**Work order:** Please retype the records below exactly as they appear, but leave out the pictures.

Stored dataset items:
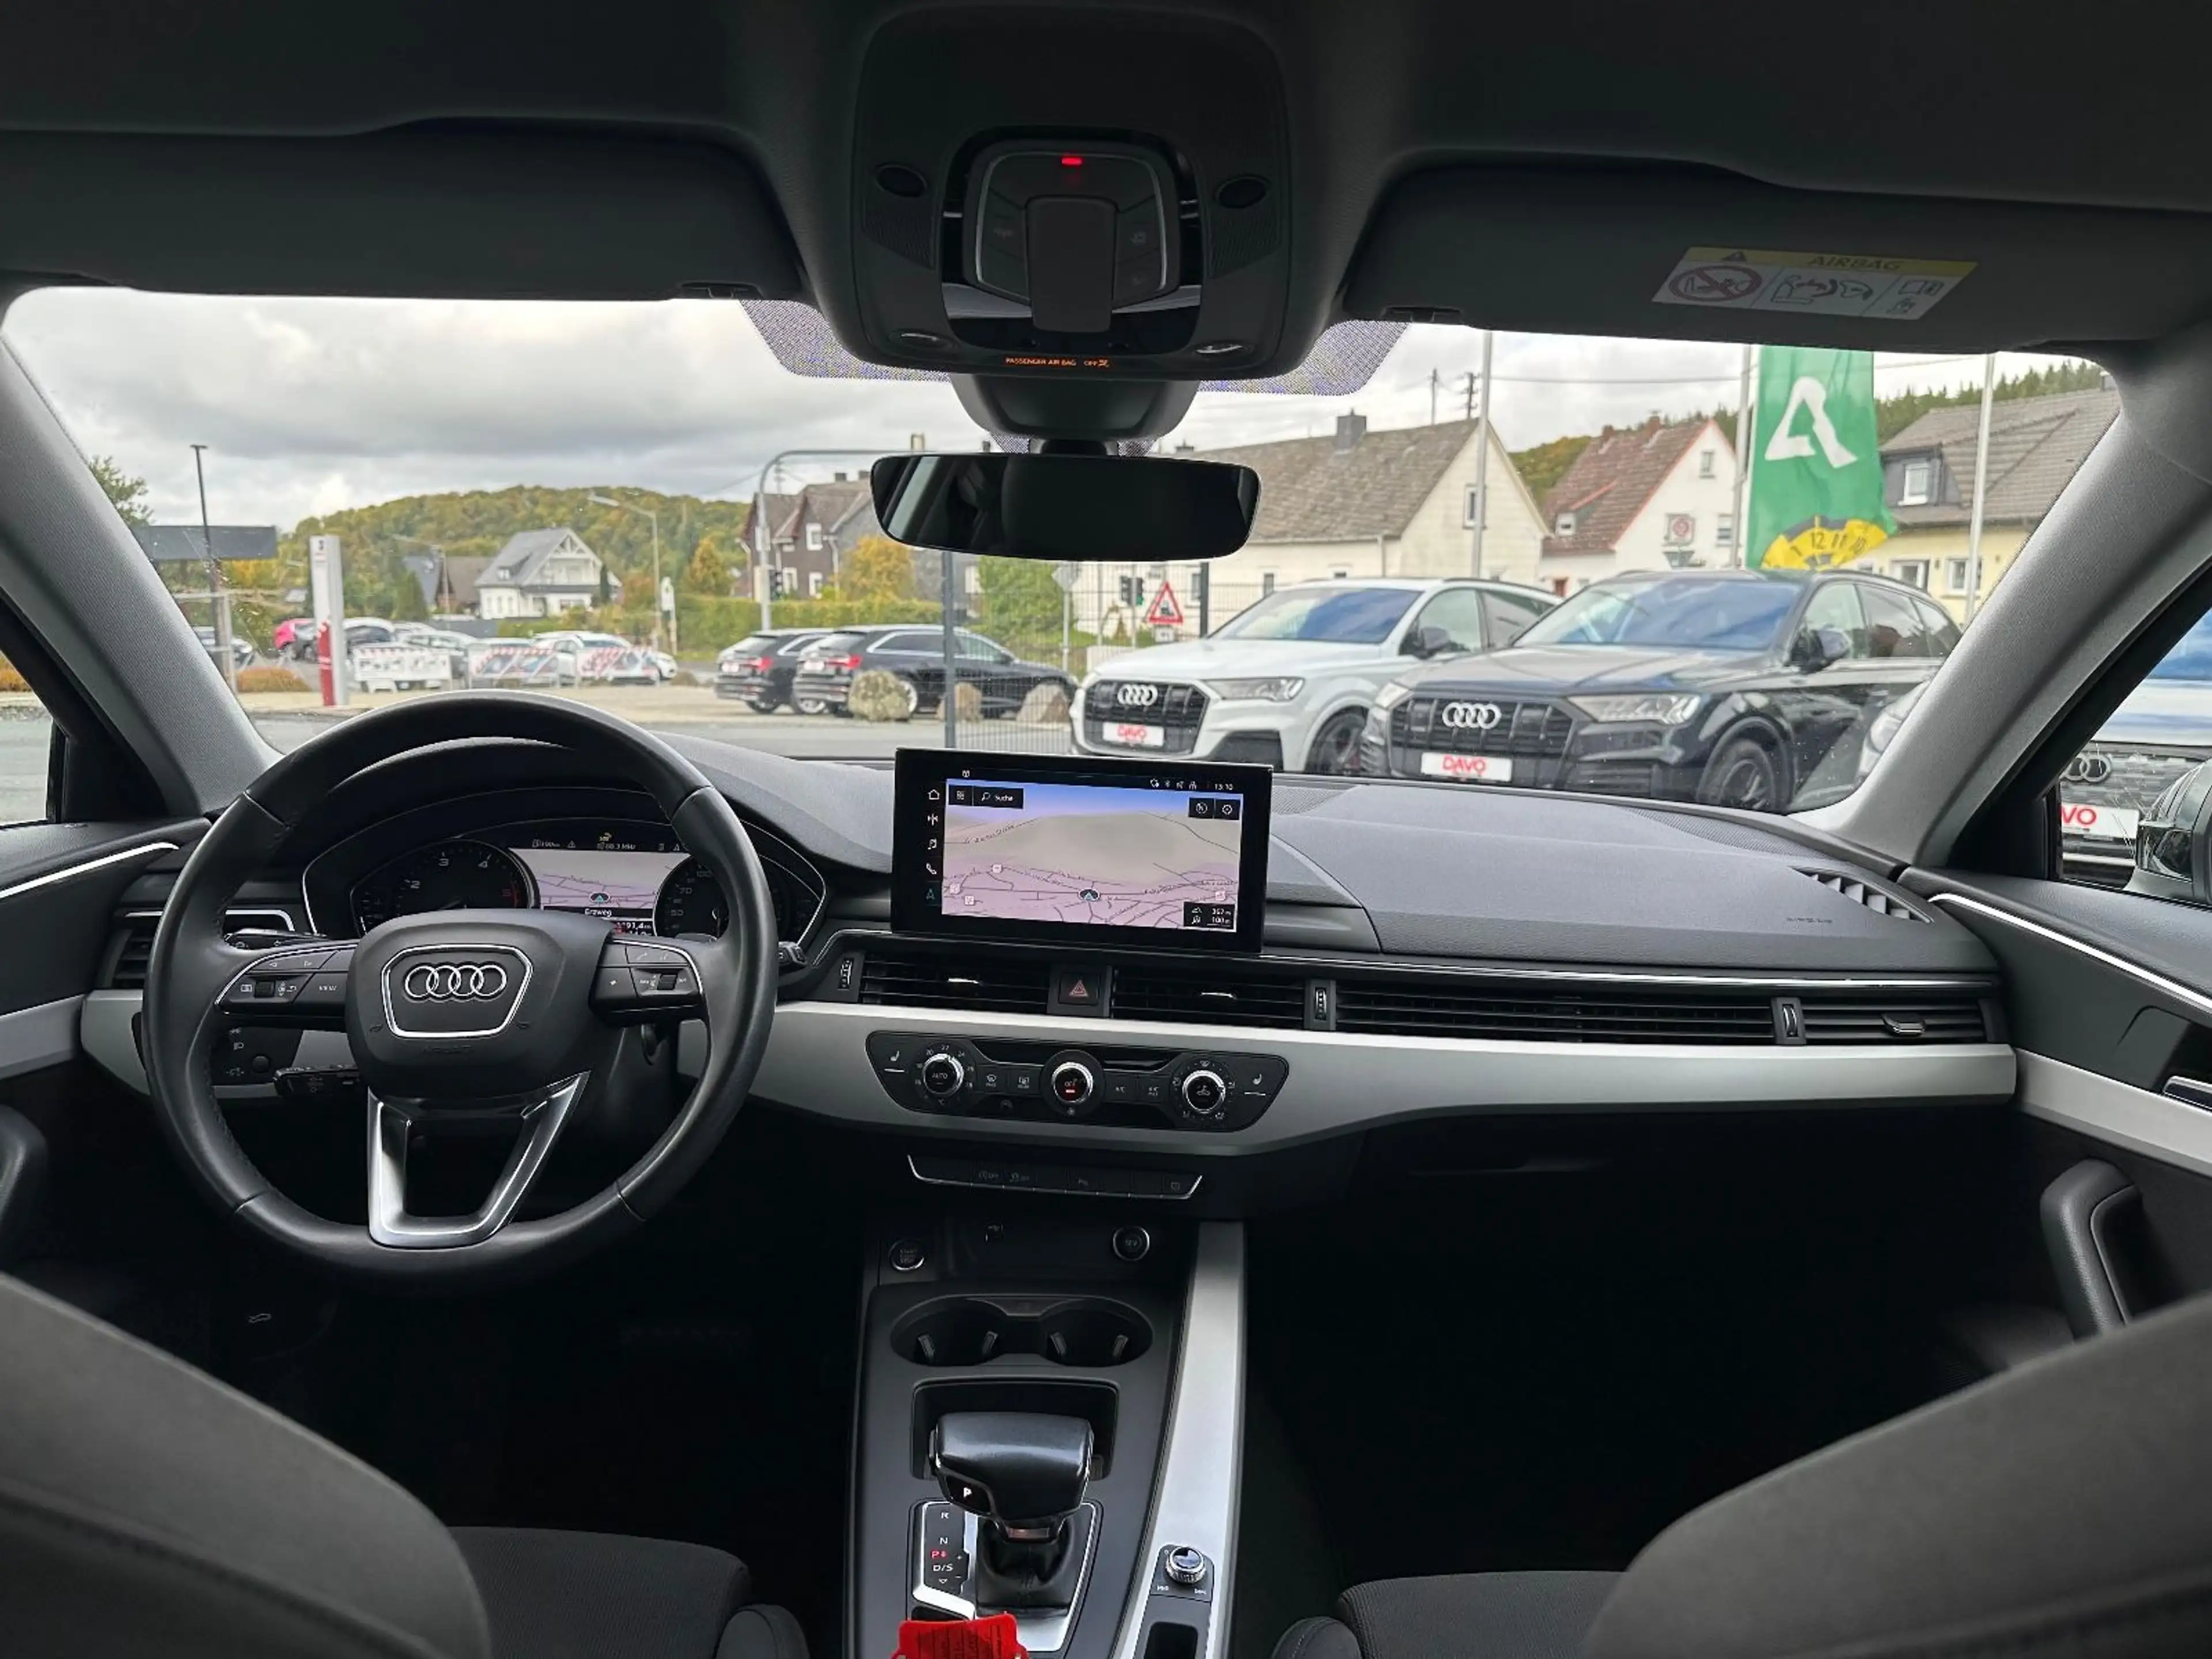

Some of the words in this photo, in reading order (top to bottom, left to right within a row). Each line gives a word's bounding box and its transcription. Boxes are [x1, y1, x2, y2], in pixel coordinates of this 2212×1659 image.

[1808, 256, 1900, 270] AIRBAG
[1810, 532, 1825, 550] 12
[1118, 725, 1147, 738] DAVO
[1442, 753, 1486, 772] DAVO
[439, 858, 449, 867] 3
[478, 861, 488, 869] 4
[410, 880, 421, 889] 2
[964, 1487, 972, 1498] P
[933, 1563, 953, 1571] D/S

**Problem solution:**
Some of the words in this photo, in reading order (top to bottom, left to right within a row). Each line gives a word's bounding box and its transcription. Boxes are [x1, y1, x2, y2], in pixel coordinates of this 2212×1659 image.

[1808, 256, 1900, 270] AIRBAG
[1810, 532, 1825, 550] 12
[1118, 725, 1147, 738] DAVO
[1442, 753, 1486, 772] DAVO
[439, 858, 449, 867] 3
[478, 861, 488, 869] 4
[410, 880, 421, 889] 2
[964, 1487, 972, 1498] P
[933, 1563, 953, 1571] D/S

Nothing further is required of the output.